The goal of this brief exercise was to make semisupervised classifiers for MNIST data.
This was done by implementing a memory-efficient version of the label propagation algorithm described in Zhu, Xiaojin, and Zoubin Ghahramani. Learning from labeled and unlabeled data with label propagation.

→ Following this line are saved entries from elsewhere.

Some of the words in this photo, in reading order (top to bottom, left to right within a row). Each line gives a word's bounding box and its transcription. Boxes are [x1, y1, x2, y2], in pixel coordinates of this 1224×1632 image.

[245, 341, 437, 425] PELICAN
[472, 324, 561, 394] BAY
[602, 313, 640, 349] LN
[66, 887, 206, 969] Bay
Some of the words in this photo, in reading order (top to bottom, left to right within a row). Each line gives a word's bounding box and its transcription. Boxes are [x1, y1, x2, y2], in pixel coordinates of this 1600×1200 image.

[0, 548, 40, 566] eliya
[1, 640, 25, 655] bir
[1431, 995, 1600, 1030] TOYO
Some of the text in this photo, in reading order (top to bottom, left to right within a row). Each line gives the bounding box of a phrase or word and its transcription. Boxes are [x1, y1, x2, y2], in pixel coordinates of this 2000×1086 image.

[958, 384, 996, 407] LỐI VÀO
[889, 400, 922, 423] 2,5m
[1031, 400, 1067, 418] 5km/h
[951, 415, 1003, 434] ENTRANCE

Technical Report CMU-CALD-02-107, Carnegie Mellon University, 2002.
You can read about how the went in a Jupyter Notebook located at notebooks/Interactive_report.ipynb
This notebook calls on label_propagation.py, which contains a LabelPropagation class as well as a couple of functions of general utility.
The other two notebooks show some scraps of code from other approaches that I tried.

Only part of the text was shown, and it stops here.